Alessandro Gentile, intervistato dal Corriere di Bologna e da Stadio, ha confermato quello che era nell’aria da qualche tempo, ovvero che con ogni probabilità la sua strada e quella della Virtus si separeranno. Ecco un estratto delle sue parole.

La mancata qualificazione ai playoff. Certo che fa male, abbiamo perso tante occasioni, possiamo recriminare solo con noi stessi e purtroppo bisogna accettare il verdetto del campo.
Come si spiega il primo tempo di Reggio Emilia? Abbiamo perso tante occasioni quest’anno, possiamo recriminare solo con noi stessi. Poi chi deve sapere le cose successe all’interno della squadra, penso le sappia. Ognuno si deve fare un esame di coscienza quando le cose vanno male e io sono abituato a farlo sempre, a prendermi le responsabilità. Penso di aver dato sempre tutto, con i miei limiti, con i miei errori e con i miei difetti, quindi esco comunque a testa alta.

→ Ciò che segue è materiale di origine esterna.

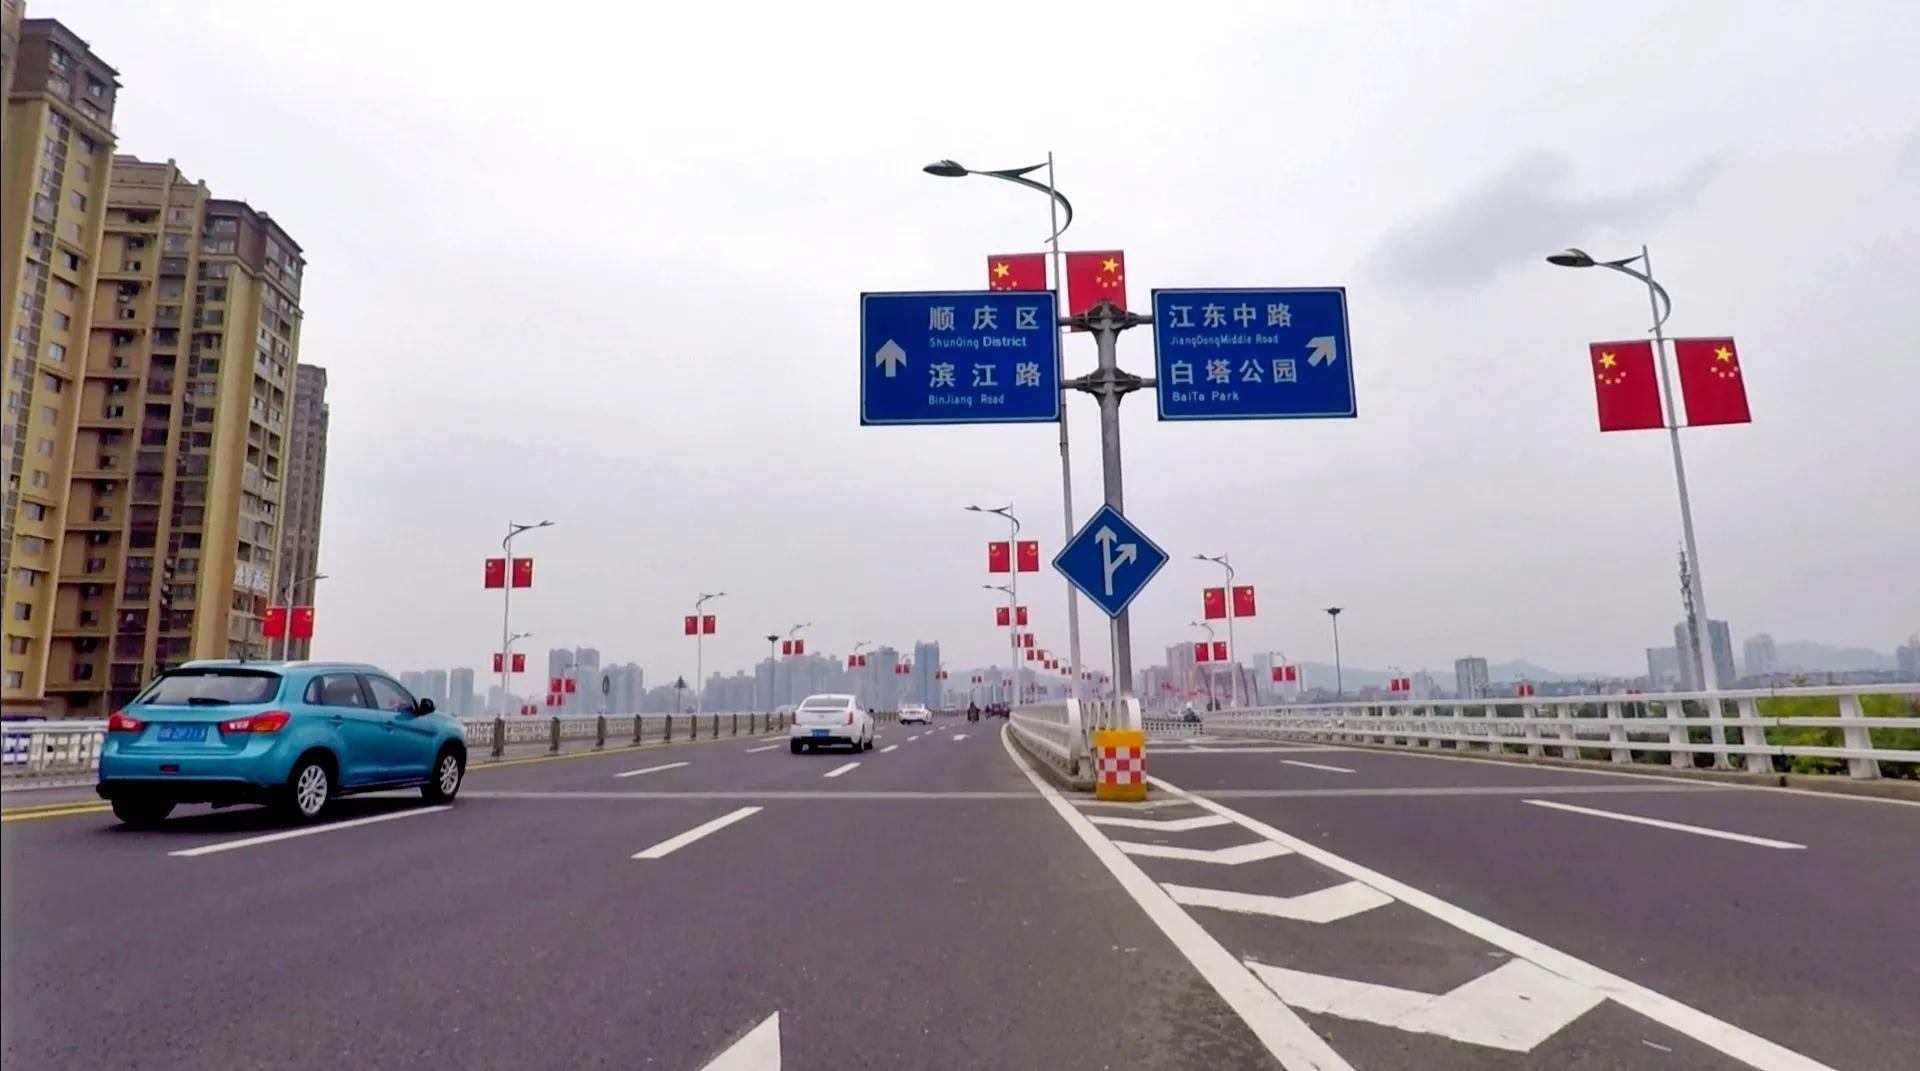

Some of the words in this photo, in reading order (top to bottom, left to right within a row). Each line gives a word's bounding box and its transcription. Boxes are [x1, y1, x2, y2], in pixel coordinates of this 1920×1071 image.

Ringraziamenti? Al presidente Bucci, una grande persona che mi è stata molto vicino, a coach Ramagli e al preparatore Carlo Voltolini, anche loro mi sono stati molto vicini. I fisioterapisti, il dottore, lo staff, e gli assistenti, in modo particolare voglio citare Daniele Cavicchi e augurargli di riprendersi presto. Il lavoro di quelli dietro le quinte è stato importante. Tanta gente mi ha voluto bene, so di essere un personaggio che divide, non si può piacere a tutti. Ma è stata una bella esperienza.
E’ un addio? Non sono parole d’addio, ma in questo momento scade il mio contratto. Il giocatore fa il giocatore, la società farà le sue scelte, fino adesso non ho ricevuto nessun segnale e quindi in questo momento non posso considerarmi un giocatore della Virtus. Non è la mia volontà o altro, ma solo un dato di fatto.